--- START ---

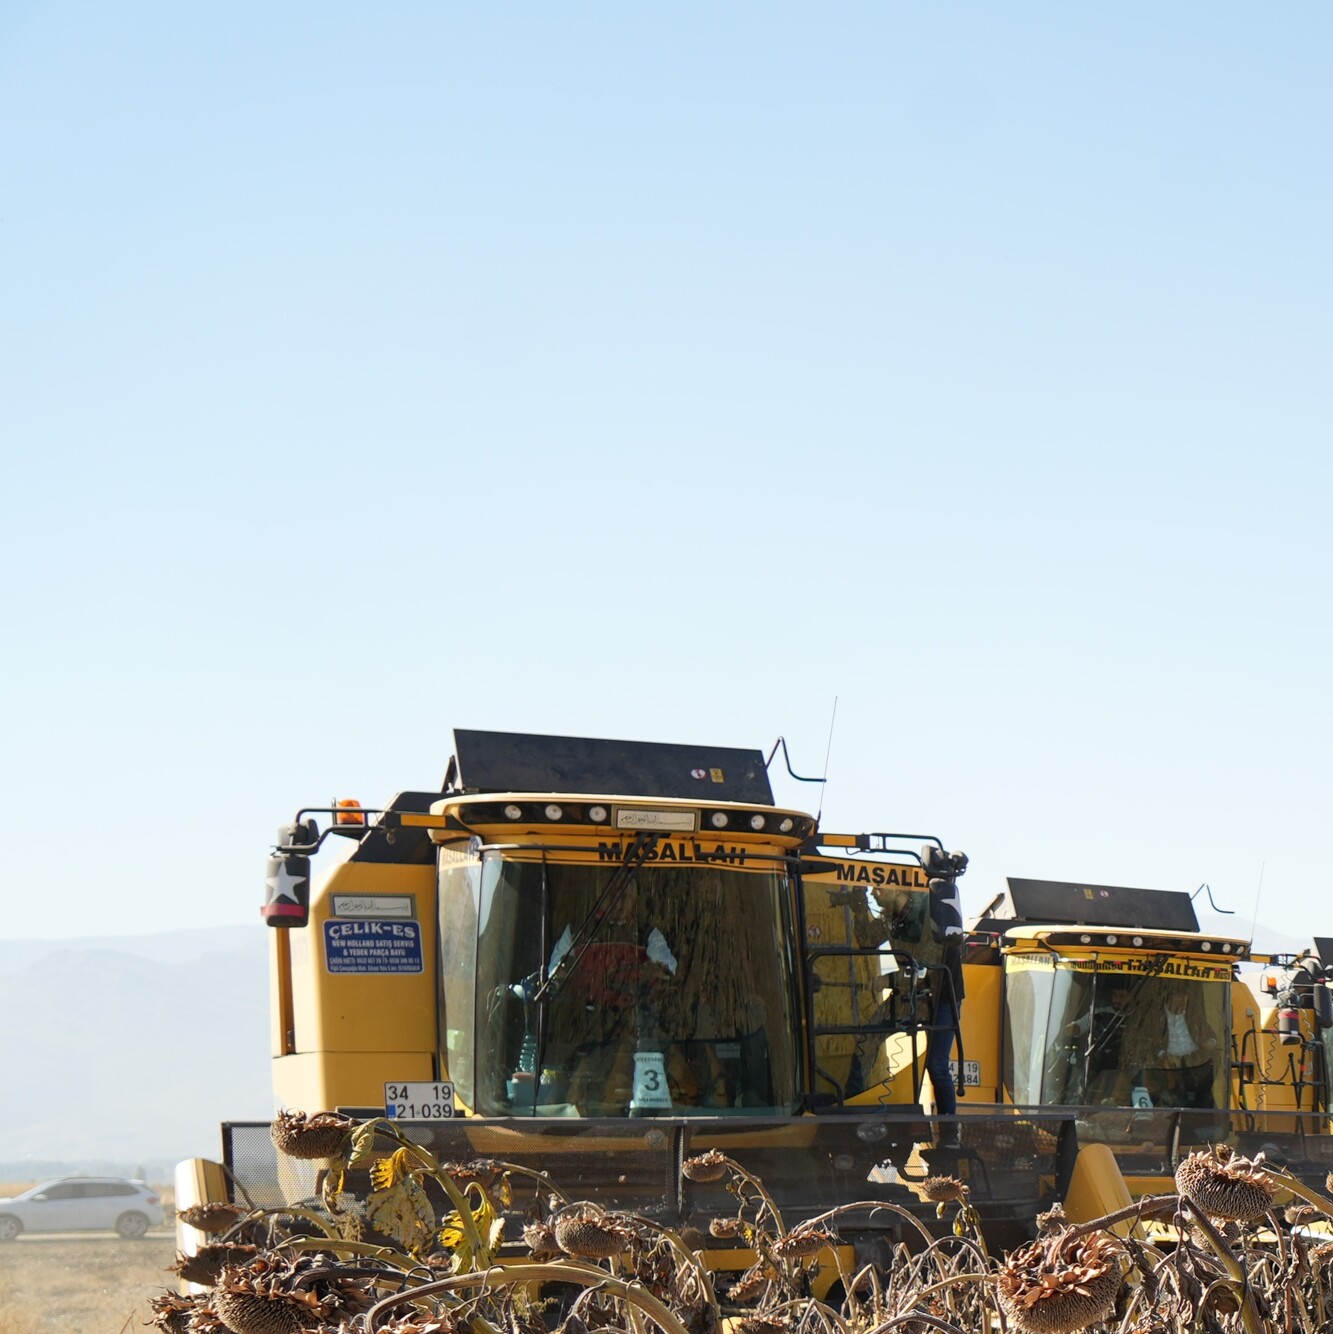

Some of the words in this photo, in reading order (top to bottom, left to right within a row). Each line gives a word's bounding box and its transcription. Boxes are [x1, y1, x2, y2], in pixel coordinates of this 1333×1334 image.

[329, 922, 416, 939] ÇELİK-ES
[332, 940, 346, 948] NEW
[347, 940, 375, 948] HOLLAND
[370, 949, 390, 958] PARÇA
[967, 1063, 978, 1072] 19
[644, 1069, 660, 1091] 3
[387, 1085, 409, 1101] 34
[432, 1085, 452, 1101] 19
[397, 1104, 415, 1118] 21
[421, 1104, 452, 1118] 039
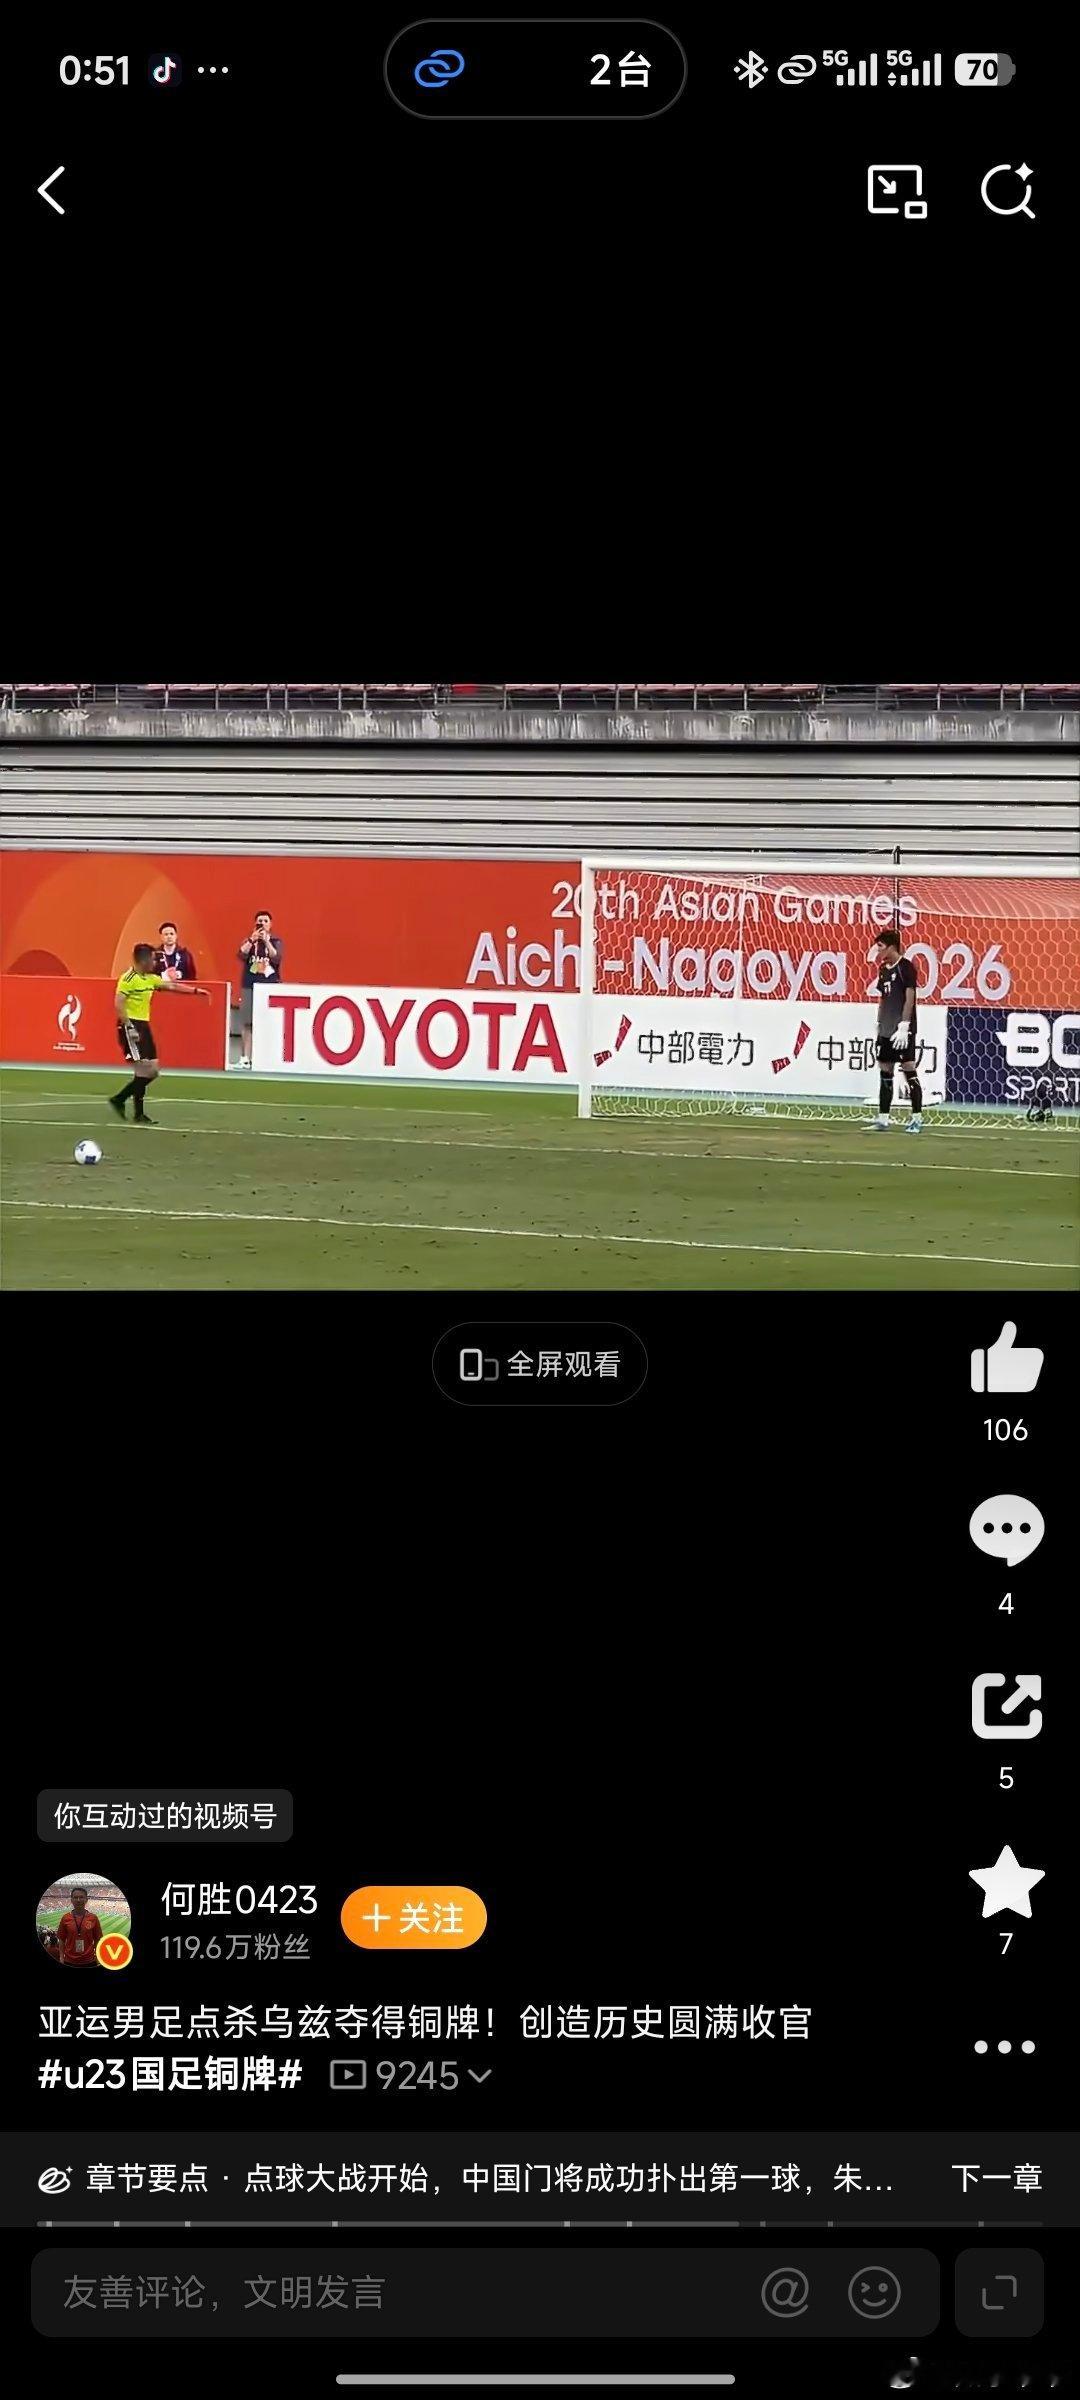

--- END ---

*What is needed*. Each line in the records above should be reproduced exactly; images are not copied.

*Answer to this exercise*.
Some of the words in this photo, in reading order (top to bottom, left to right within a row). Each line gives a word's bounding box and its transcription. Boxes are [x1, y1, x2, y2], in pixel coordinates of this 1333×1334 image.

[329, 922, 416, 939] ÇELİK-ES
[332, 940, 346, 948] NEW
[347, 940, 375, 948] HOLLAND
[370, 949, 390, 958] PARÇA
[967, 1063, 978, 1072] 19
[644, 1069, 660, 1091] 3
[387, 1085, 409, 1101] 34
[432, 1085, 452, 1101] 19
[397, 1104, 415, 1118] 21
[421, 1104, 452, 1118] 039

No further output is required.